Šar?nas Burdulis via Wikimedia Commons

The predicted effects of global climate change are grim, to say the least. Global warming is expected to cause more extreme weather events, as well as a rise in sea level, drought and flooding; it’s not a pretty picture.

But, according to weather blogger and KPLU commentator Cliff Mass, it won’t actually be that bad here in the Northwest.

Mass teaches Atmospheric Sciences at the University of Washington. Back in August 2014, he put together a blog post in which he depicted the region as a potential refuge from climate change.

“Not all the changes are going to be negative.”

He started with an empty map of the United States and plotted out the most serious effects - from inundated shorelines in Florida to major water shortages in the South and Southwest - hurricanes and tropical storms in the Southeast and along the East Coast; and deadly heat waves throughout the interior. But none of those calamities marred the northwest corner of the map.

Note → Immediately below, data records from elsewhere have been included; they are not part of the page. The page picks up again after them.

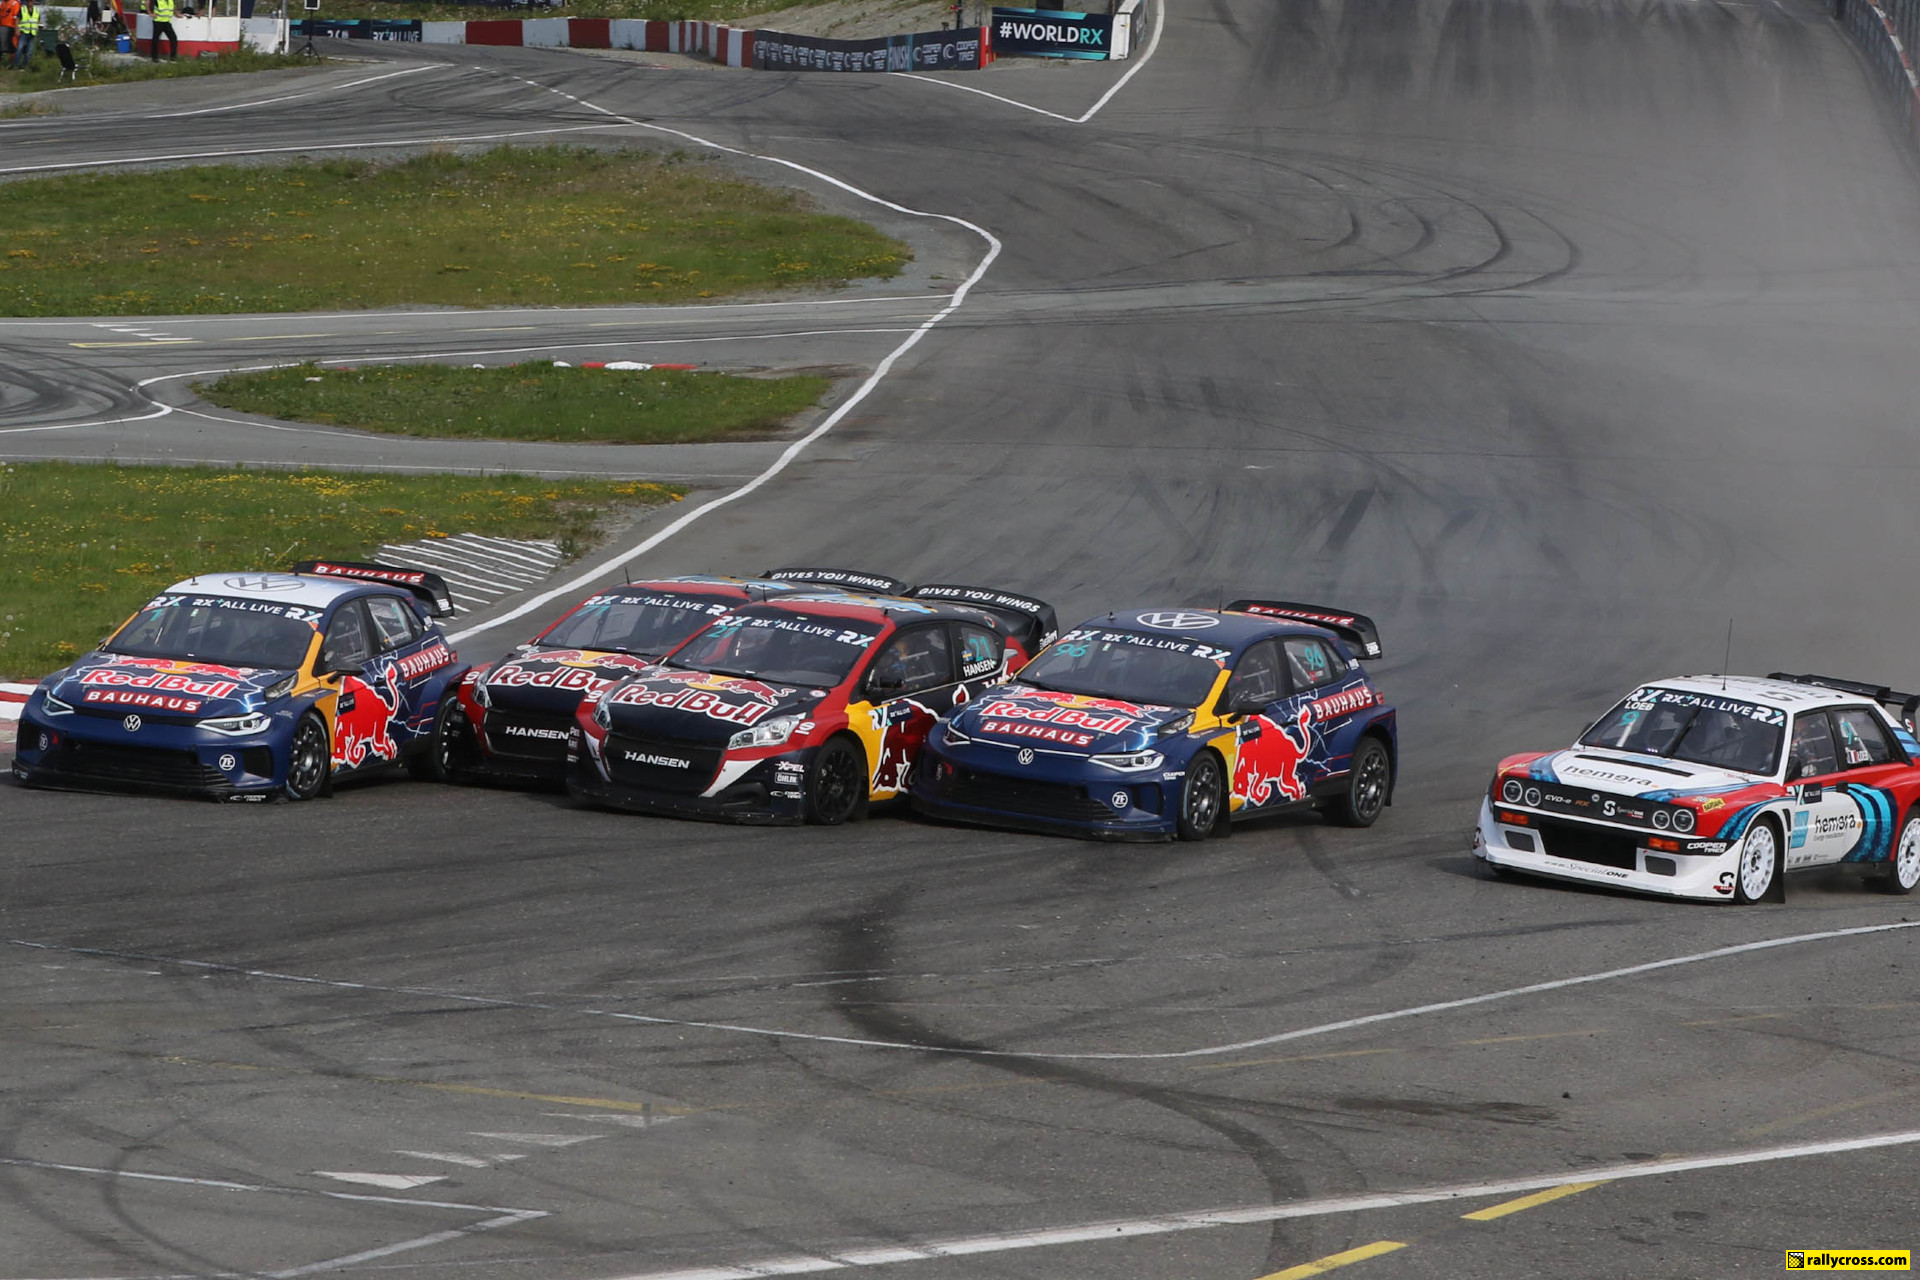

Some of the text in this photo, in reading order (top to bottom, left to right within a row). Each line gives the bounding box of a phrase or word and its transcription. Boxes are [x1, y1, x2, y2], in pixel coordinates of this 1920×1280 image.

[1000, 22, 1104, 45] #WORLDRX
[314, 564, 425, 583] BAUHAUS
[771, 570, 892, 590] GIVES YOU WINGS
[672, 600, 705, 611] LIVE
[918, 586, 961, 597] GIVES
[964, 589, 995, 601] YOU
[995, 595, 1041, 613] WINGS
[249, 604, 284, 616] LIVE
[1248, 605, 1355, 626] BAUHAUS
[803, 623, 836, 638] LIVE
[1159, 638, 1190, 652] LIVE
[400, 647, 450, 679] BAUHAUS
[1304, 643, 1325, 671] 96
[486, 665, 560, 688] Red
[963, 658, 995, 678] HANSEN
[80, 668, 239, 699] Red Bull
[86, 690, 200, 712] BAUHAUS
[610, 683, 774, 727] Red Bull
[1313, 688, 1373, 720] BAUHAUS
[1624, 700, 1657, 711] LOEB
[1718, 701, 1753, 717] LIVE
[979, 701, 1136, 735] Red Bull
[505, 725, 570, 740] HANSEN
[982, 720, 1095, 747] BAUHAUS
[219, 754, 236, 771] ZF
[624, 750, 691, 770] HANSEN
[778, 760, 805, 773] XPEL
[1112, 791, 1129, 808] ZF
[1545, 794, 1572, 805] EVO-e
[1686, 842, 1728, 850] COOPER

“So, I can go through one item after another - major changes that are going to happen under global warming -and most of them will not produce serious effects here in the Northwest, mainly because of our proximity to the ocean,” said Mass on KPLU about that blog post. He says the cool eastern Pacific will stave off dramatic warming here.

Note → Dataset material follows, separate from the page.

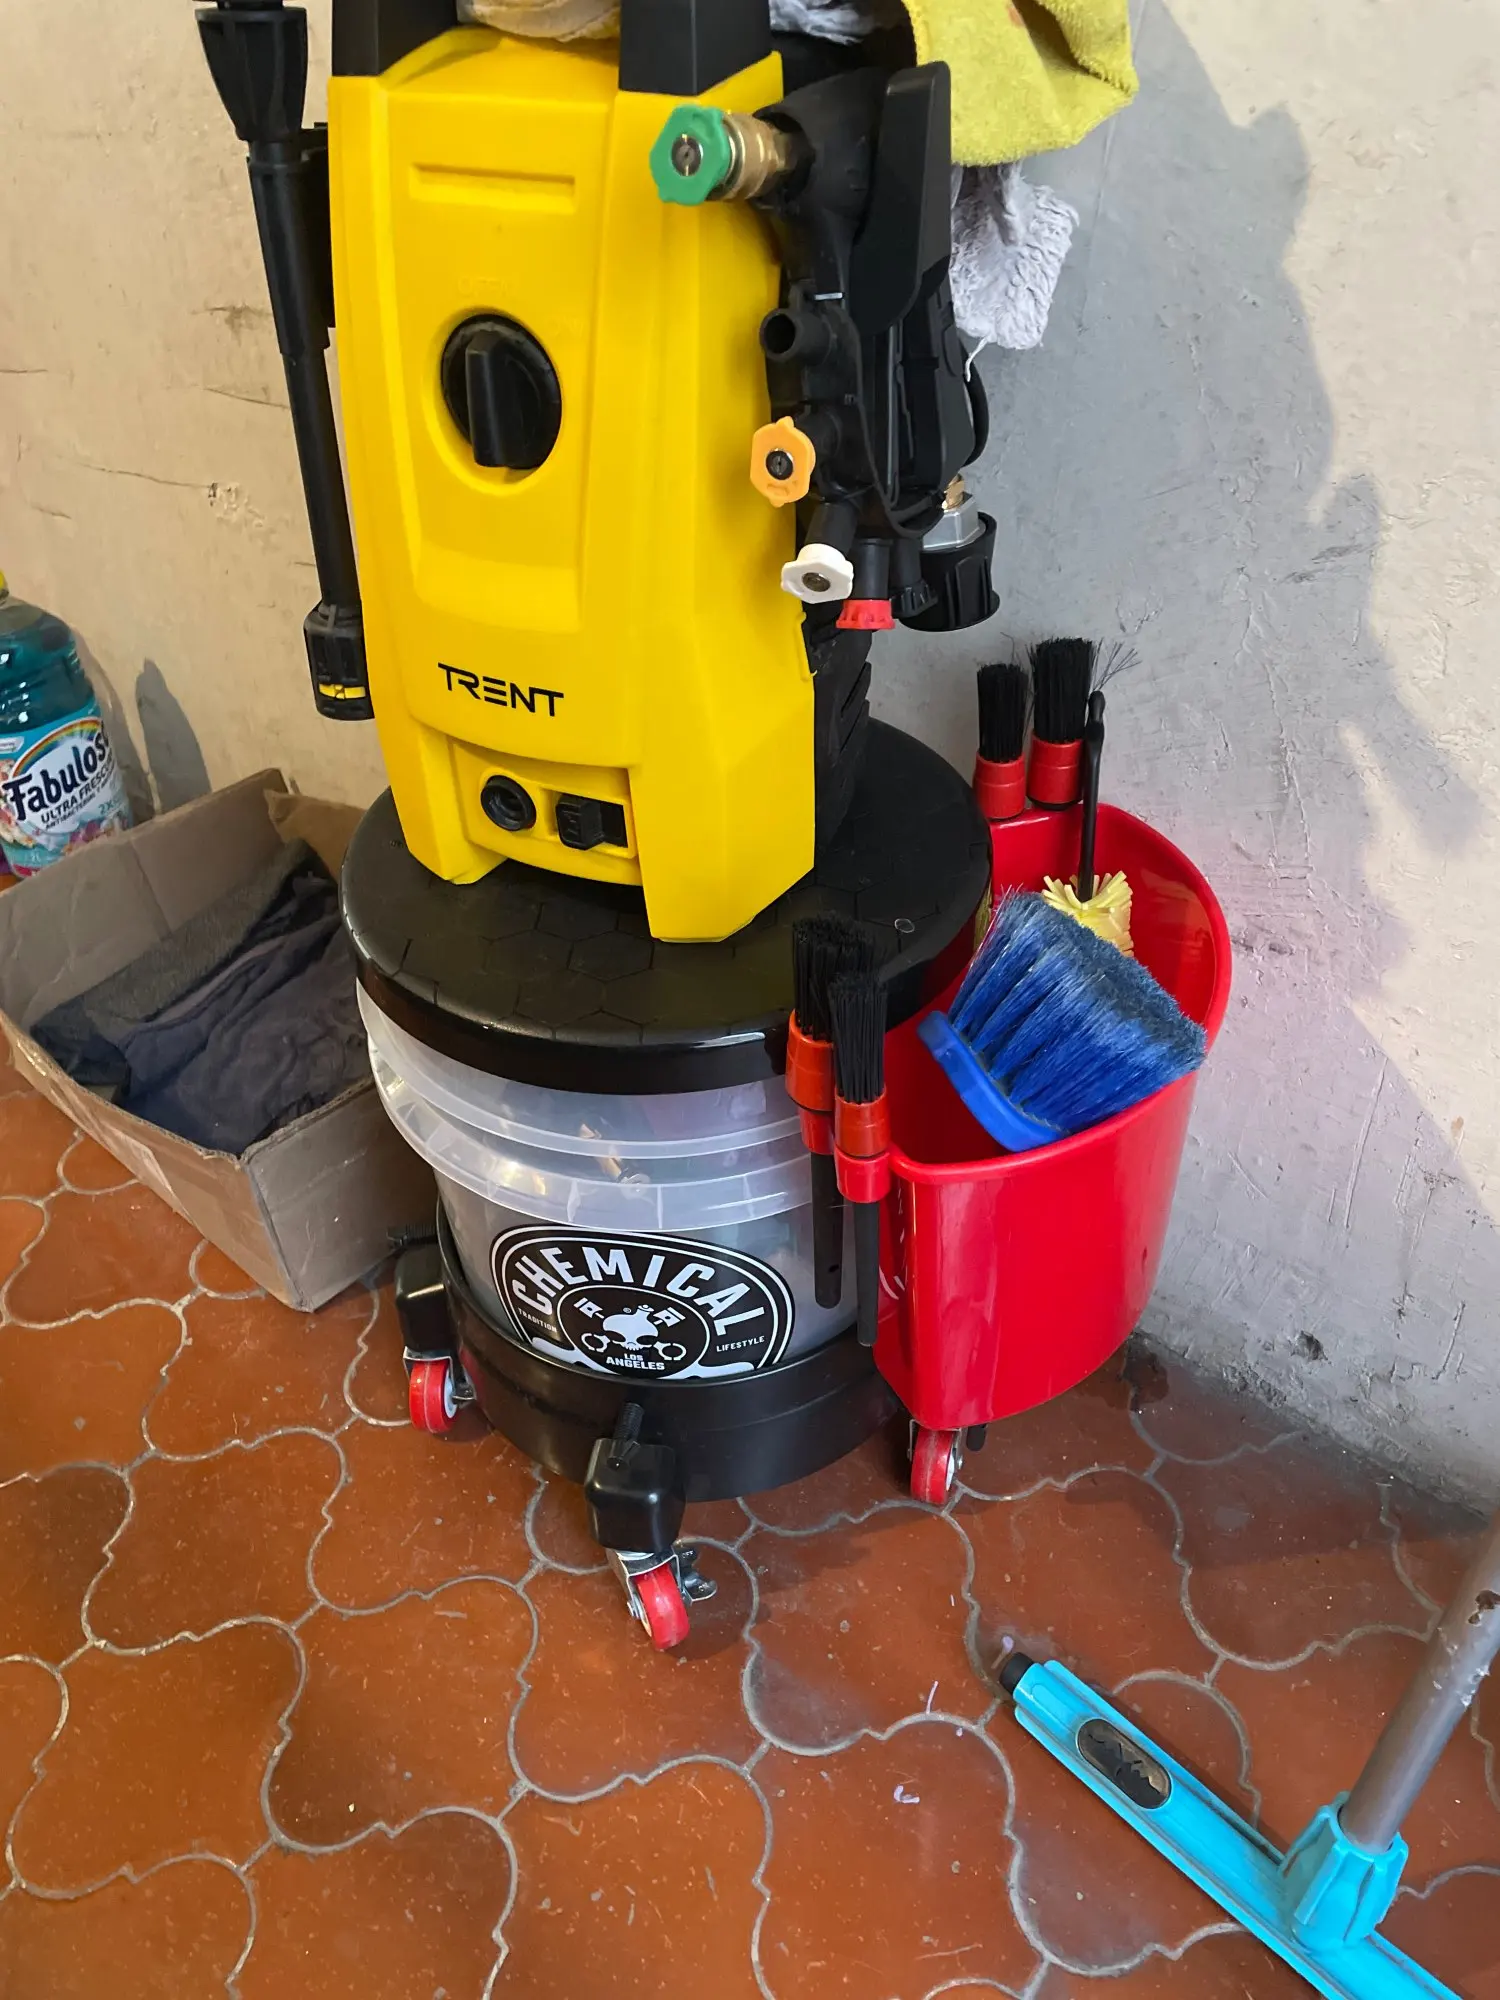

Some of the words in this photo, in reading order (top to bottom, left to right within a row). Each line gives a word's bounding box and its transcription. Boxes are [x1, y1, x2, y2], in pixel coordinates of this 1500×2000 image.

And Mass says there are plenty of other silver linings to climate change for the Northwest, from fewer injuries caused by black ice, to a longer growing season for wine grapes, and in many places, just generally nicer weather.

“Not all the changes are going to be negative,” Mass said. “I think that’s a real problem with the media, they only paint global warming as gloom and doom, everything is bad, a complete disaster. And it’s not that way. Some things will get better, some things will get worse. There’s the opportunity for us to adapt [in] places like the Northwest.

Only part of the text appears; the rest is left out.